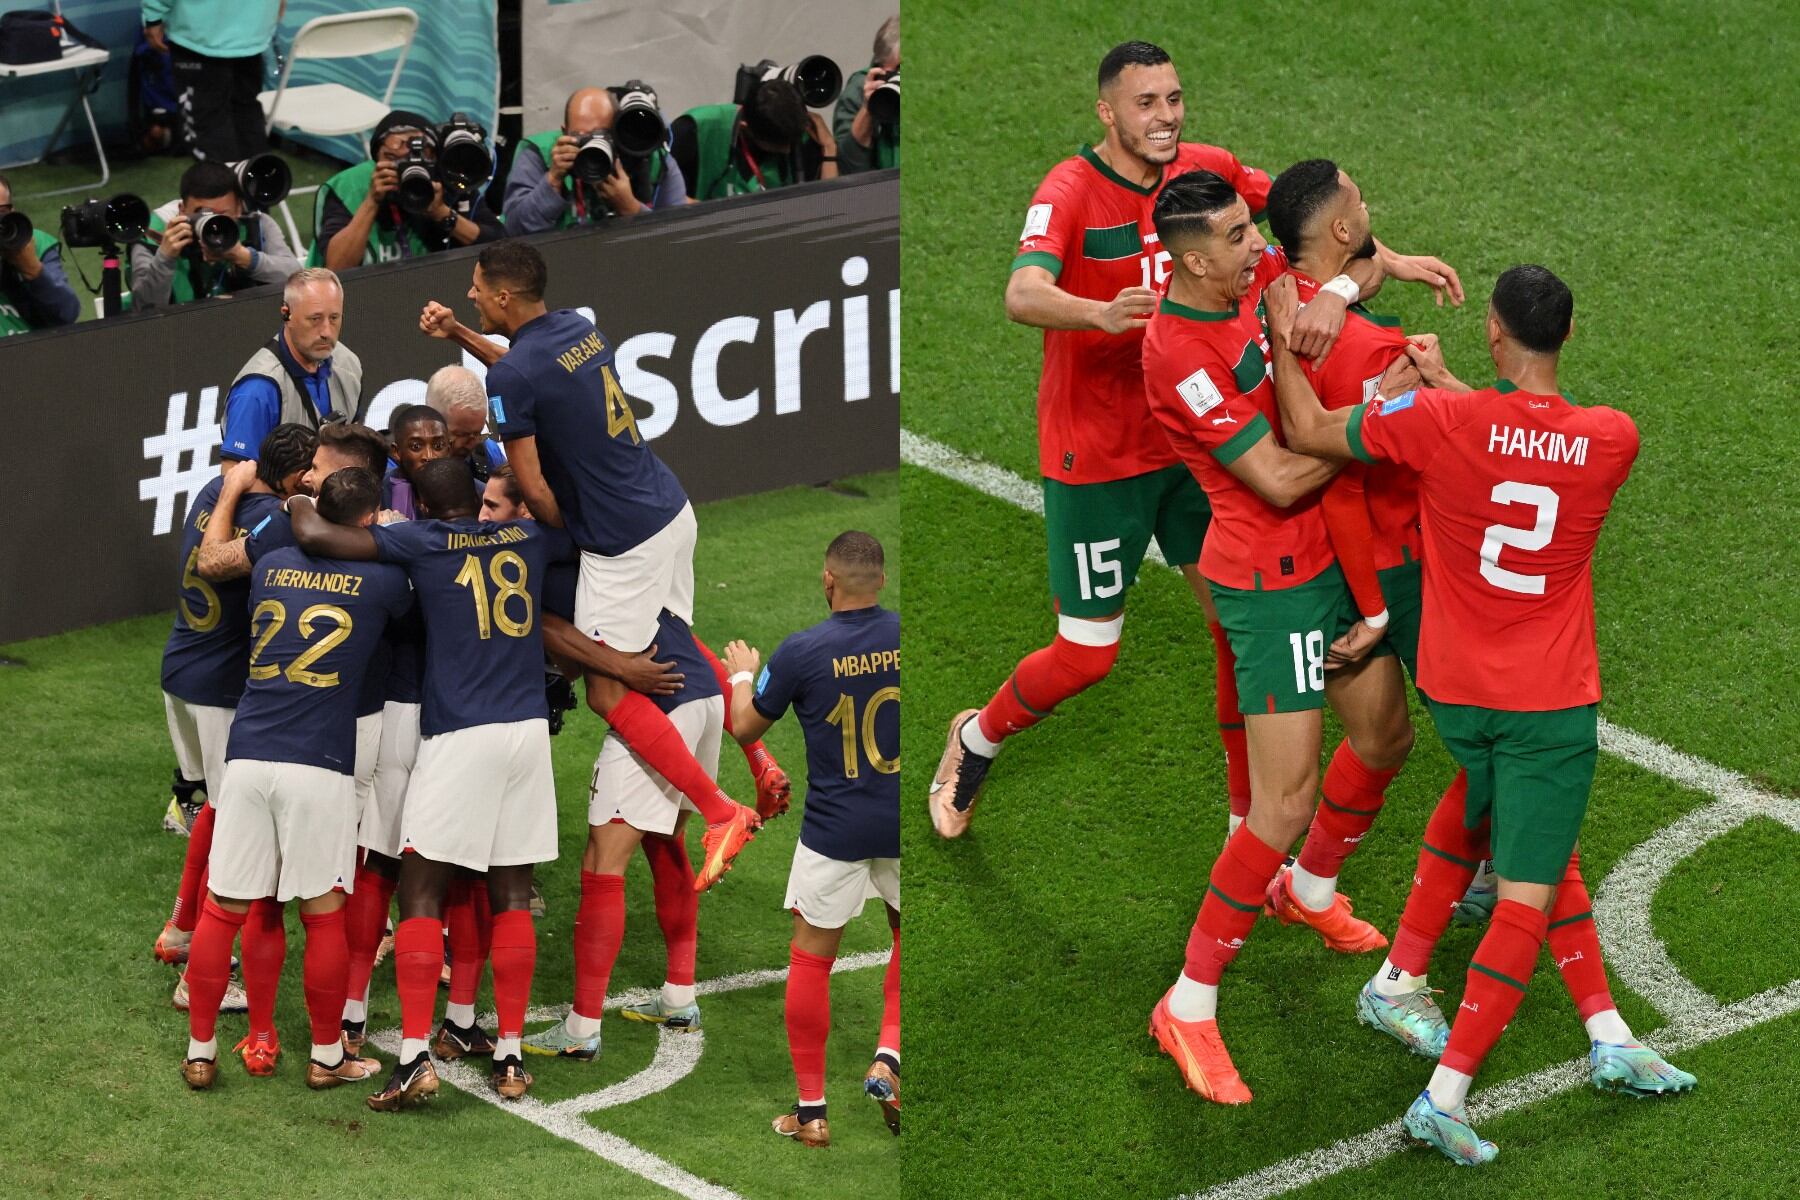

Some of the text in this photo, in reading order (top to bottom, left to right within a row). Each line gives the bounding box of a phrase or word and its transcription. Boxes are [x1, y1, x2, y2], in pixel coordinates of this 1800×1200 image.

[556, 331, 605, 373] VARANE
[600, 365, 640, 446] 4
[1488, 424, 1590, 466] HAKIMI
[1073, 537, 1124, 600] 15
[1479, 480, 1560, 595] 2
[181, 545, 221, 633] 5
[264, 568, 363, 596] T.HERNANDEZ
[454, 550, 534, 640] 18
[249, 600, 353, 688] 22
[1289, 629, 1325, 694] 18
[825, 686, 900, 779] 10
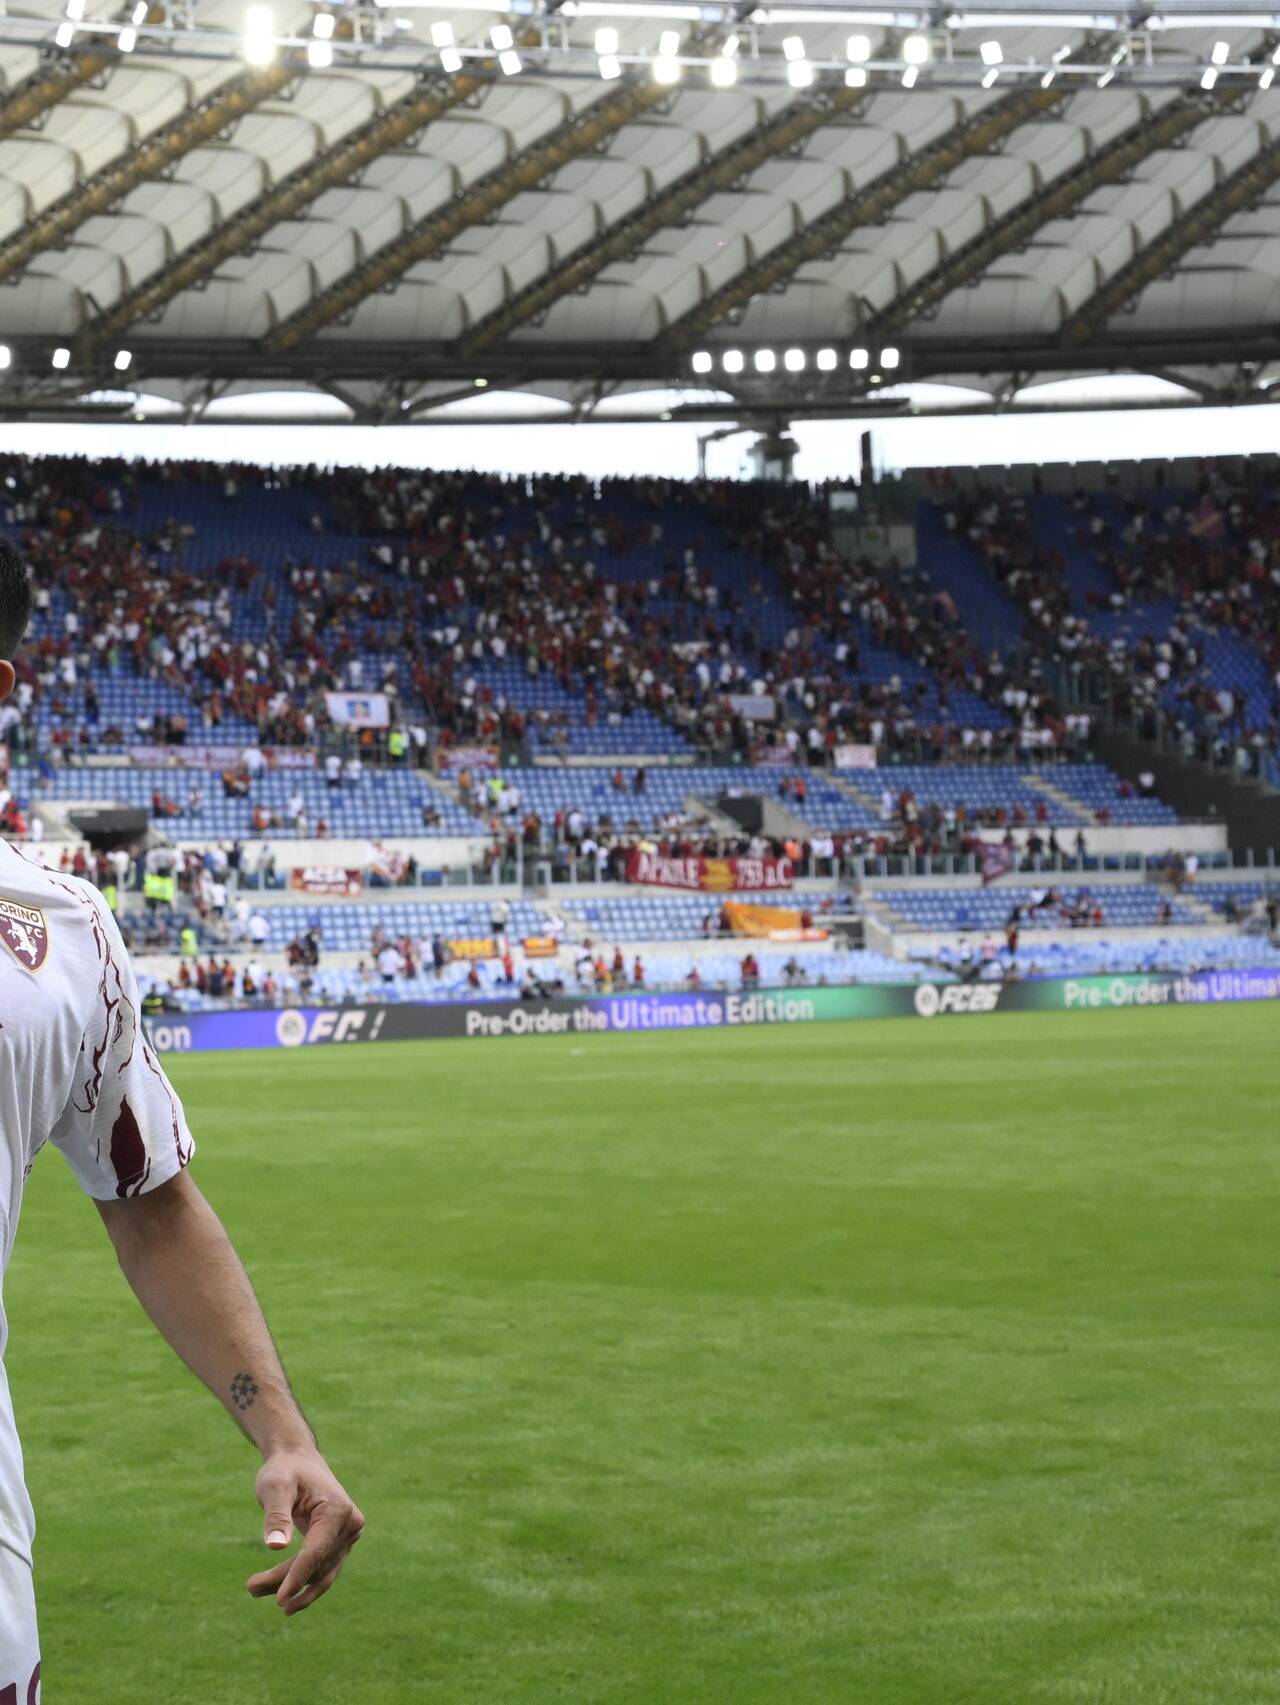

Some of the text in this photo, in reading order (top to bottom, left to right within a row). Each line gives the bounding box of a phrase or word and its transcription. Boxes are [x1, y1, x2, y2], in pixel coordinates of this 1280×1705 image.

YOUR OBJECTIVE. Would you repeat the complete listing exactly, excluding each picture it holds?

EXERCISE SOLUTION.
Some of the text in this photo, in reading order (top to bottom, left to right within a row). Each line gives the bounding box of a phrase or word and its transcription. Boxes are [x1, y1, x2, y2], in pixel coordinates of this 1800×1200 image.

[556, 331, 605, 373] VARANE
[600, 365, 640, 446] 4
[1488, 424, 1590, 466] HAKIMI
[1073, 537, 1124, 600] 15
[1479, 480, 1560, 595] 2
[181, 545, 221, 633] 5
[264, 568, 363, 596] T.HERNANDEZ
[454, 550, 534, 640] 18
[249, 600, 353, 688] 22
[1289, 629, 1325, 694] 18
[825, 686, 900, 779] 10

Some of the text in this photo, in reading order (top to bottom, left to right within a row). Each line gives the bounding box of a phrase or word and its transcription. Boxes are [x1, y1, x2, y2], in pixel coordinates of this 1280×1705 image.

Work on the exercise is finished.